### RECORDS TO PROCESS
▼

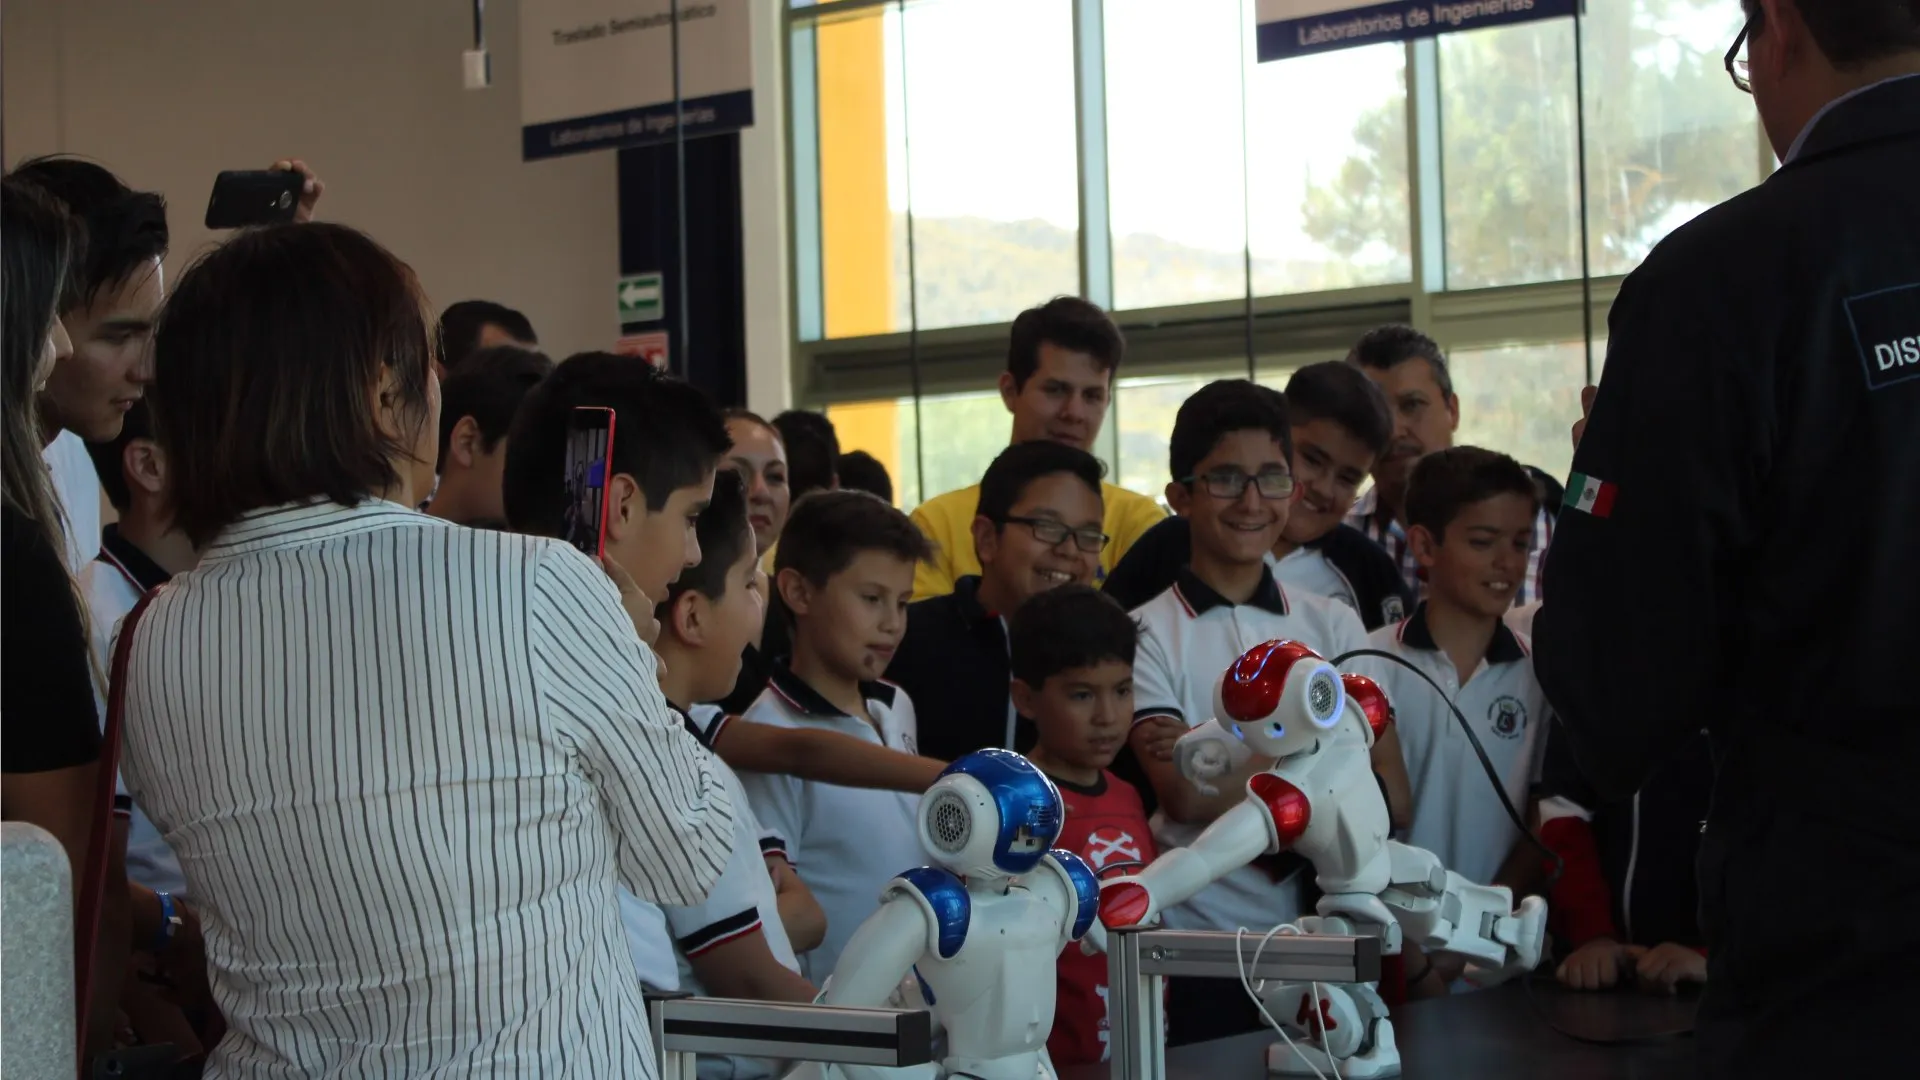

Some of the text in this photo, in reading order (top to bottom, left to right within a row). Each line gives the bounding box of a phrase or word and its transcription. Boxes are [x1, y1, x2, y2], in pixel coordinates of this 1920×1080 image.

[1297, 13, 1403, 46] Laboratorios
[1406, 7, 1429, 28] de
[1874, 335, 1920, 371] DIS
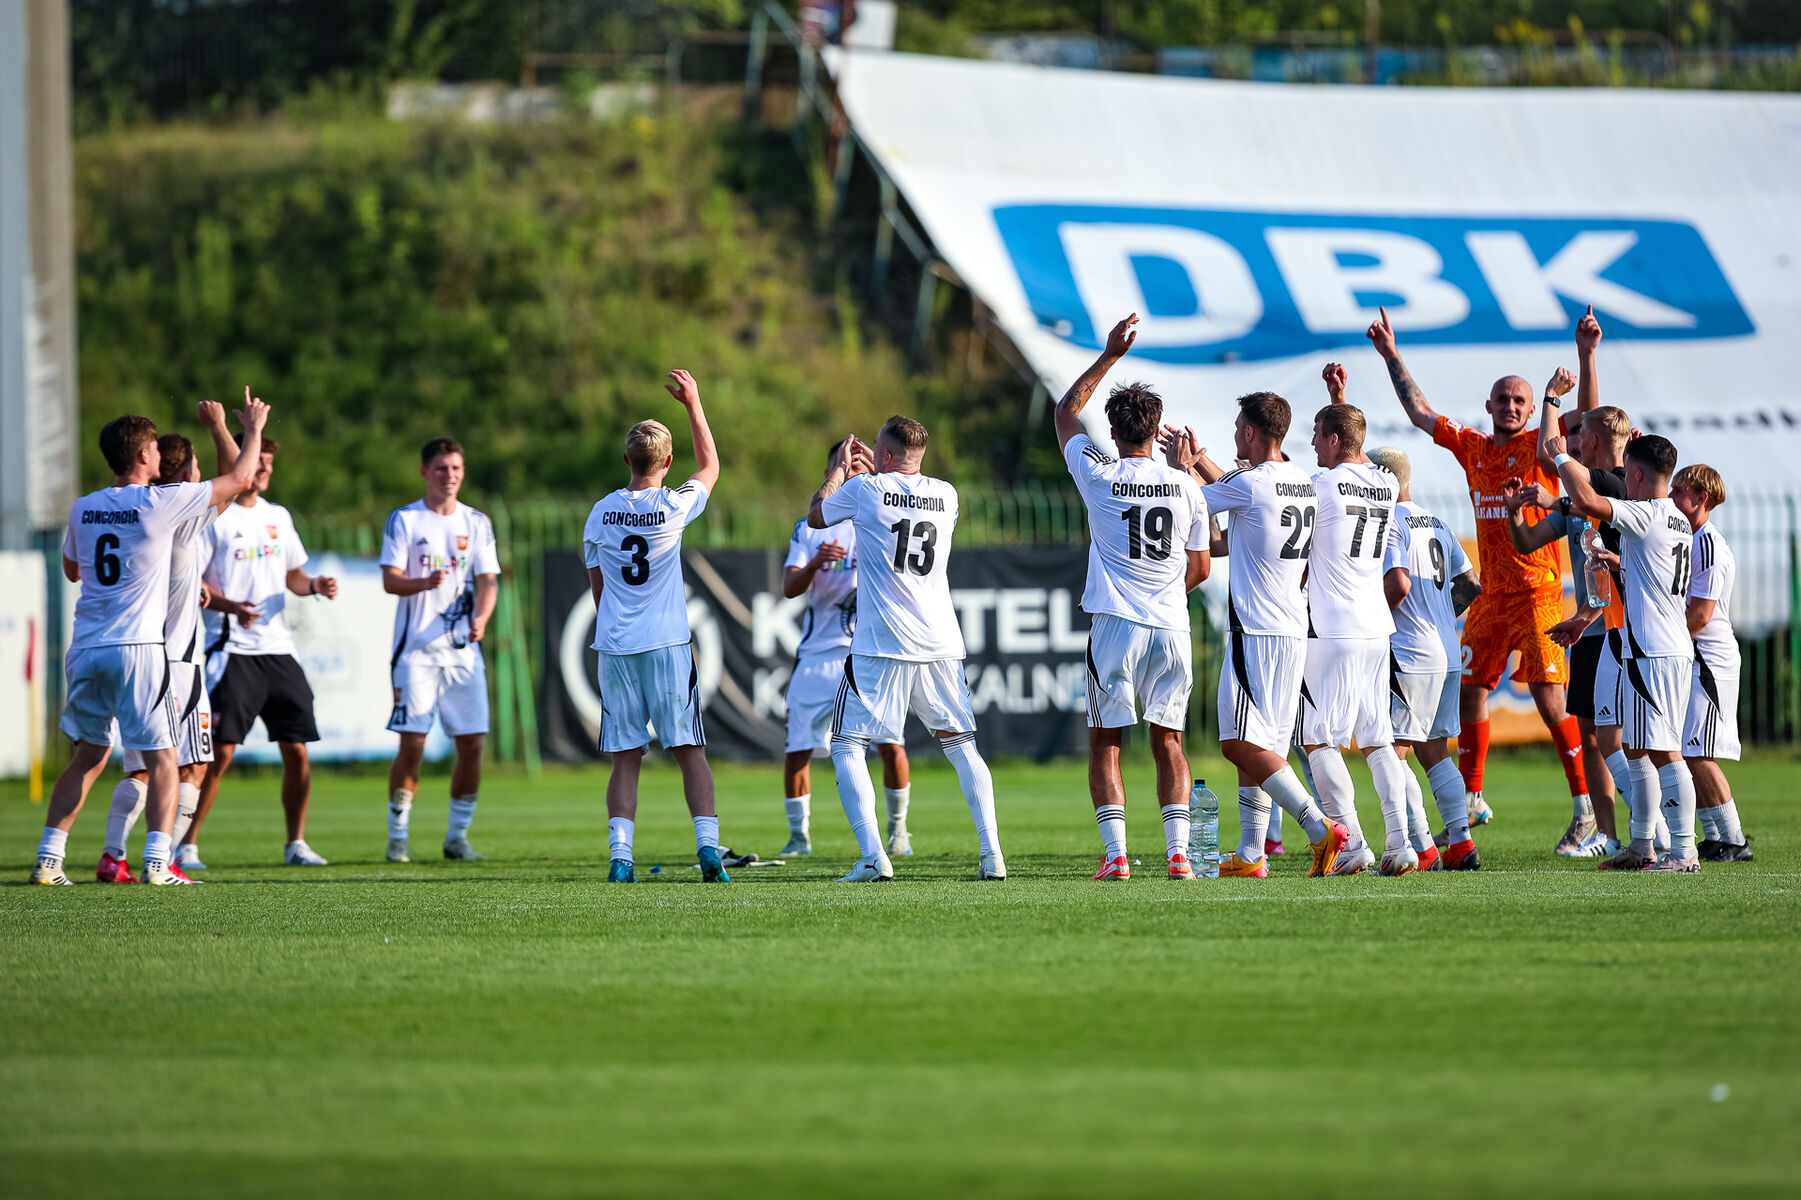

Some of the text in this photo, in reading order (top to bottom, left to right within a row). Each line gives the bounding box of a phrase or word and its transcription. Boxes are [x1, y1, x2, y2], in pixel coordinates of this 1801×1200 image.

▲
▼

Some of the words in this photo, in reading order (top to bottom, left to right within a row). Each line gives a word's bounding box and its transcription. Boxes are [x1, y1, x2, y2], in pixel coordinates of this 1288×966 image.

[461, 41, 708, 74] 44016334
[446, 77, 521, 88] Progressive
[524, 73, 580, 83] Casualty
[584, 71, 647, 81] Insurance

▲
▼

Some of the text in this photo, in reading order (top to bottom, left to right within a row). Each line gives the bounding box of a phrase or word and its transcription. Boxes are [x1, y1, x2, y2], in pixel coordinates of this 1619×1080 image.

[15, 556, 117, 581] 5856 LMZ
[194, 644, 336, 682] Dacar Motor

▲

### YOUR ASSIGNMENT
What you return must match the lines above from the one with "this 1920×1080 image." through the one with "this 1801×1200 image." exactly, with both ends included and the pictures excluded.

### RESULT FOR THIS EXERCISE
Some of the text in this photo, in reading order (top to bottom, left to right within a row). Each line gives the bounding box of a phrase or word and its transcription. Boxes are [x1, y1, x2, y2], in pixel coordinates of this 1920×1080 image.

[1297, 13, 1403, 46] Laboratorios
[1406, 7, 1429, 28] de
[1874, 335, 1920, 371] DIS

Some of the text in this photo, in reading order (top to bottom, left to right within a row). Each line gives the bounding box of a phrase or word and its transcription. Boxes are [x1, y1, x2, y2], in pixel coordinates of this 1801×1200 image.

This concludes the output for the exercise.